** STORED DATA follows **

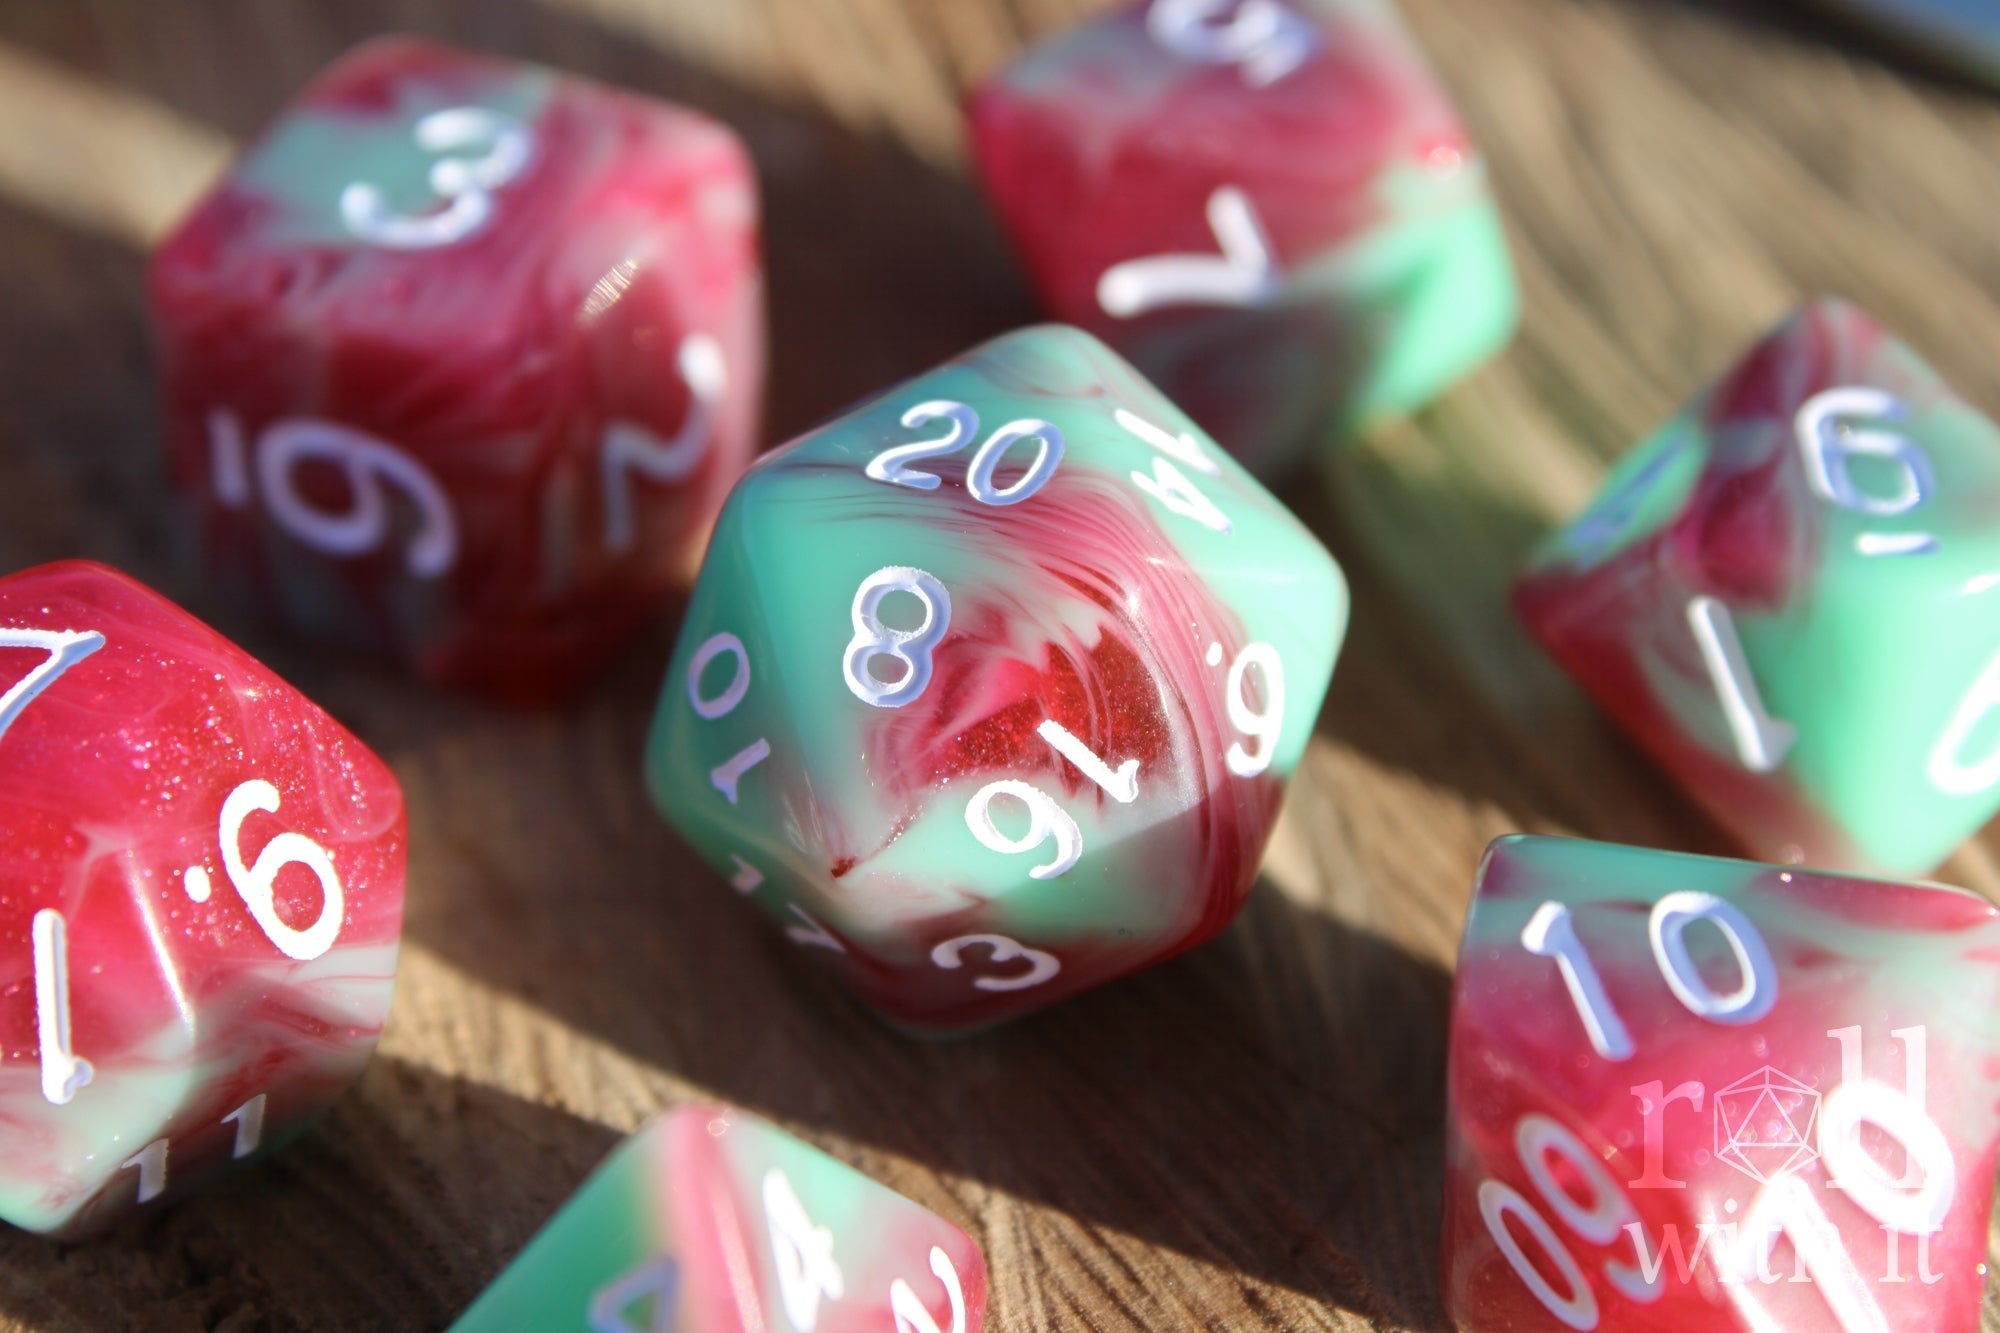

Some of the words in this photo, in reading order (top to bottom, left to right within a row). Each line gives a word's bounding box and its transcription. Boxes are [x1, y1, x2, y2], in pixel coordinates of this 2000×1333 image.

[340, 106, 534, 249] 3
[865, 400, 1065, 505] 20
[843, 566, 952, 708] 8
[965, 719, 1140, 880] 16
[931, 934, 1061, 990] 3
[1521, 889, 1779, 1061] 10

** End of STORED DATA **

### TASK STATEMENT
The material must be returned exactly, with its pictures omitted.

### COMPLETED TASK
Some of the words in this photo, in reading order (top to bottom, left to right within a row). Each line gives a word's bounding box and its transcription. Boxes are [x1, y1, x2, y2], in pixel coordinates of this 2000×1333 image.

[340, 106, 534, 249] 3
[865, 400, 1065, 505] 20
[843, 566, 952, 708] 8
[965, 719, 1140, 880] 16
[931, 934, 1061, 990] 3
[1521, 889, 1779, 1061] 10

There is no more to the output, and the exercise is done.